Tak wygląda Aston Martin Valkyrie Spider

profiauto.pl 3 lat temu

Aston Martin Valkyrie debiutuje w wersji bez dachu. Według brytyjskiego producenta to najszybszy i najbardziej ekstremalny Aston Martin z otwartym nadwoziem, jaki kiedykolwiek zbudowano.

Konkurs Elegancji w Pebble Beach w Monterey przyniósł kolejną nowość – Astona Martina Valkyrie Spider

Droga produkcyjna Astona Martina Valkyrie była długa i wyboista. Inżynierowie napotykali kolejne problemy, które opóźniały jego oficjalny debiut. Po raz pierwszy o brytyjskim hiperaucie usłyszeliśmy w 2016 roku, kiedy zaprezentowano go pod roboczą nazwą AM-RB 001. Dopiero rok później stał się „Walkirią”. Teraz do coupe (sprzedaż jeszcze nie ruszyła) oraz torowej odmiany Valkyrie AMR Pro (dostawy przewidziano na ostatni kwartał 2021 roku) dołączy Spider, czyli wersja bez dachu.
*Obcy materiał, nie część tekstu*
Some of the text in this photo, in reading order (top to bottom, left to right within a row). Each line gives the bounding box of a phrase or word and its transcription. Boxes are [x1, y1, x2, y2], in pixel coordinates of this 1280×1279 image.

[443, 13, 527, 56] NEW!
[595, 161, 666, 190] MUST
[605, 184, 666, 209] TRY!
Najbardziej charakterystycznym elementem Spidera są drzwi i konstrukcja składanego dachu

Wersja Spider traci skrzydłowe drzwi w stylu Gullwinga na rzecz drzwi przechylanych do przodu. Dach wykonano z włókna węglowego, a doczepione panele są z poliwęglanu. Całość po prostu się wyjmuje po wcześniejszym odpięciu blokad.

Adrian Newey, główny inżynier marki, przyznał, iż największym wyzwaniem było zachowanie odpowiednich adekwatności aerodynamicznych auta i ograniczenie masy. Aktywna aerodynamika wymusiła też na konstruktorach przeprojektowanie elementów podwozia. Ostatecznie udało się stworzyć superszybki pojazd, który po złożeniu dachu rozpędza się do 330 km/h, a z dachem jego prędkość maksymalna sięga aż 350 km/h.
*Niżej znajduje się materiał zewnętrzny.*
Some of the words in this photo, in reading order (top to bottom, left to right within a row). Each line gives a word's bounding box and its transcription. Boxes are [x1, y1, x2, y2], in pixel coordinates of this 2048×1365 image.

Aston Martin Valkyrie Spider – napęd ten sam, co w coupe

Spider korzysta z 6,5-litrowego silnika V12, który powstał w wyniku współpracy z firmą Cosworth. Jednostka kręci się do ponad 11 000 obr./min. Wspiera ją motor elektryczny autorstwa Rimaca, a łączna moc takiego układu wynosi 1176 KM i 900 Nm.
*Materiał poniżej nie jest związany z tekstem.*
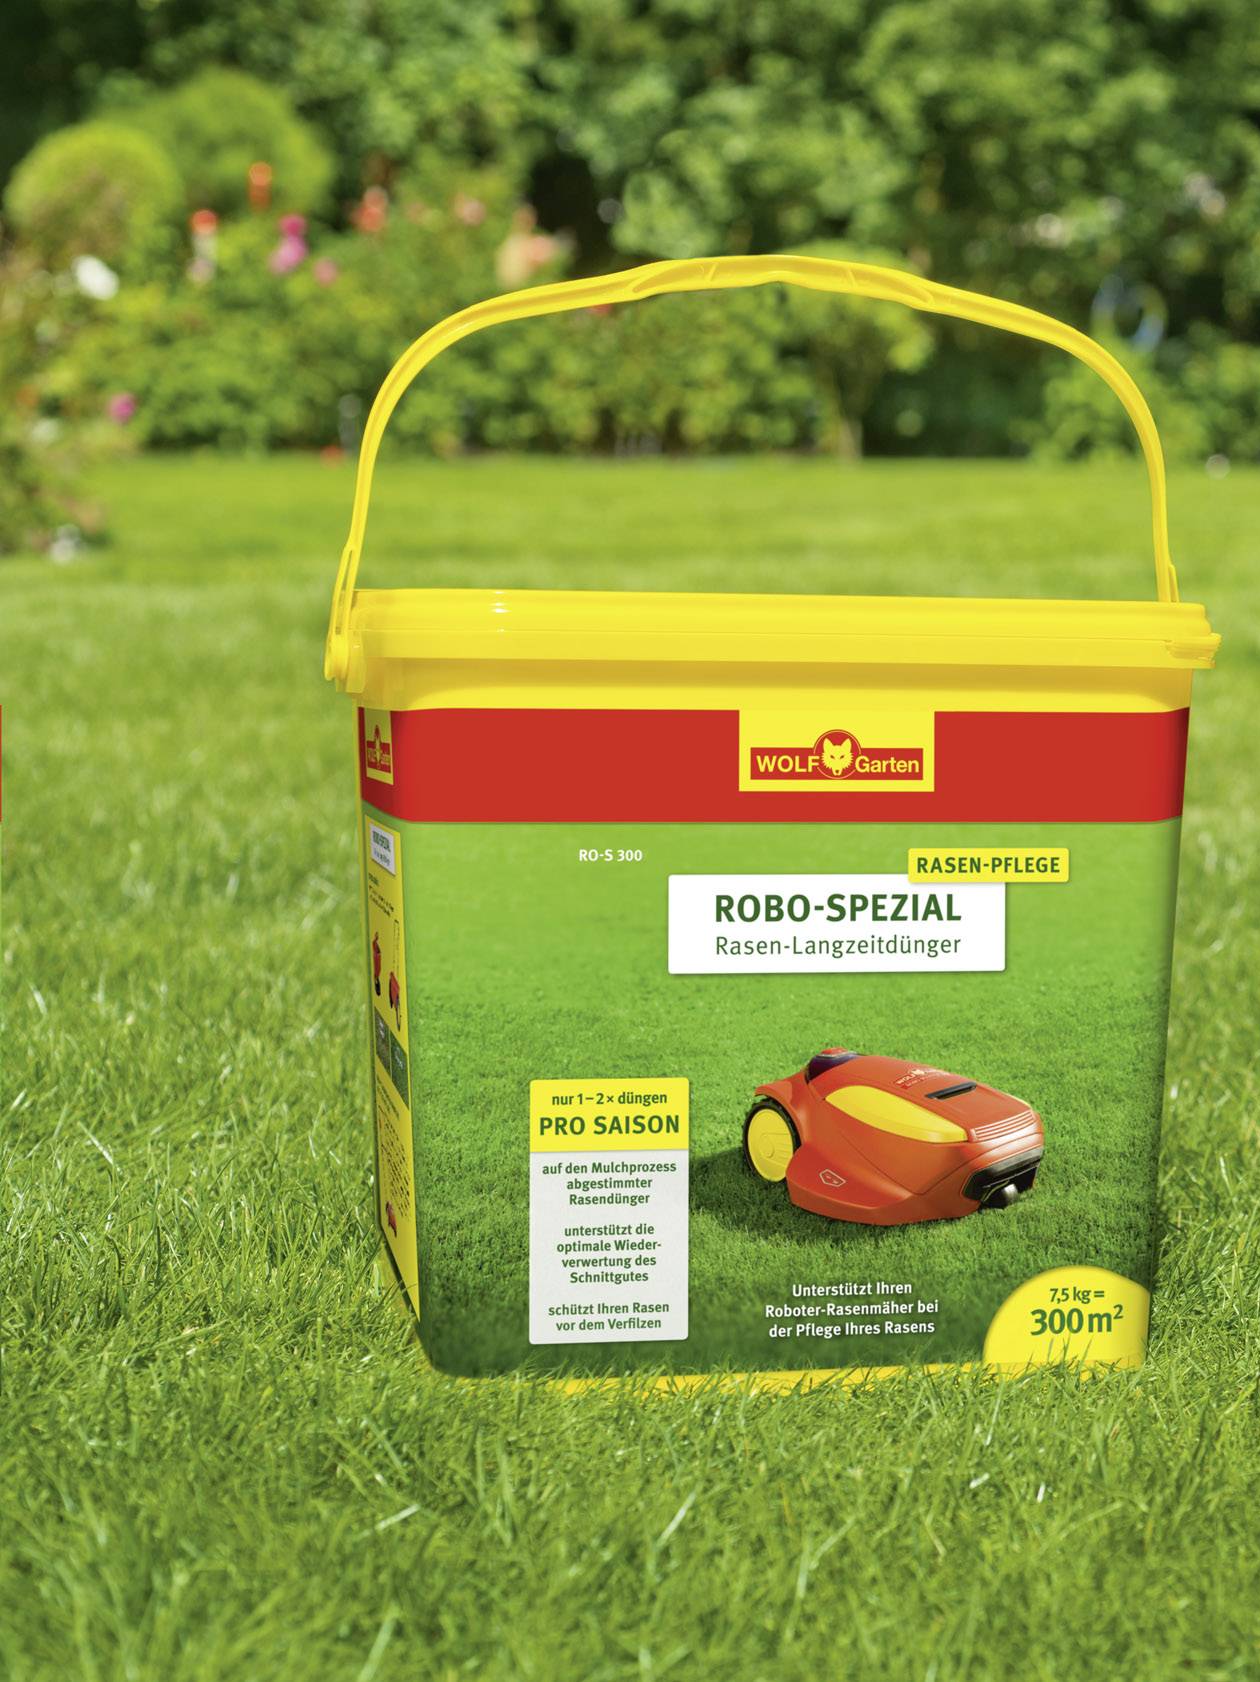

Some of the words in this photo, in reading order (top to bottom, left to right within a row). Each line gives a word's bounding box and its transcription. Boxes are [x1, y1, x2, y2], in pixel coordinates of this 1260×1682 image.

[756, 755, 820, 772] WOLF
[855, 756, 919, 773] Garten
[579, 849, 613, 861] RO-S
[617, 849, 642, 861] 300
[917, 857, 1060, 874] RASEN-PFLEGE
[715, 893, 962, 922] ROBO-SPEZIAL
[716, 935, 961, 959] Rasen-Langzeitdünger
[552, 1095, 574, 1105] nur
[618, 1092, 667, 1106] düngen
[540, 1117, 585, 1135] PRO
[594, 1115, 679, 1134] SAISON
[543, 1163, 562, 1174] auf
[565, 1163, 587, 1174] den
[592, 1162, 677, 1175] Mulchprozess
[567, 1178, 652, 1191] abgestimmter
[570, 1193, 650, 1206] Rasendünger
[564, 1224, 632, 1236] unterstützt
[636, 1224, 654, 1234] die
[557, 1241, 611, 1254] optimale
[615, 1239, 661, 1250] Wieder-
[562, 1257, 631, 1269] verwertung
[635, 1255, 656, 1265] des
[570, 1271, 648, 1284] Schnittgutes
[792, 1283, 872, 1296] Unterstützt
[876, 1282, 912, 1294] Ihren
[1050, 1288, 1069, 1304] 7,5
[548, 1304, 594, 1315] schützt
[598, 1303, 628, 1314] Ihren
[633, 1303, 669, 1313] Rasen
[765, 1302, 913, 1318] Roboter-Rasenmäher
[918, 1300, 938, 1312] bei
[556, 1322, 575, 1331] vor
[579, 1320, 604, 1330] dem
[608, 1318, 661, 1329] Verfilzen
[769, 1325, 792, 1337] der
[796, 1323, 841, 1338] Pflege
[845, 1322, 880, 1335] Ihres
[885, 1321, 935, 1333] Rasens
Aston Martin Valkyrie Spider – produkcję ograniczono do 85 egzemplarzy

Cena pozostaje nieznana. Jednocześnie Aston Martin pochwalił się, iż chętnych na zakup pojazdu jest znacznie więcej niż przewidziana pula. Szczęśliwi nabywcy będą musieli uzbroić się w cierpliwość – dostawy aut do klientów rozpoczną się dopiero w drugiej połowie 2022 roku.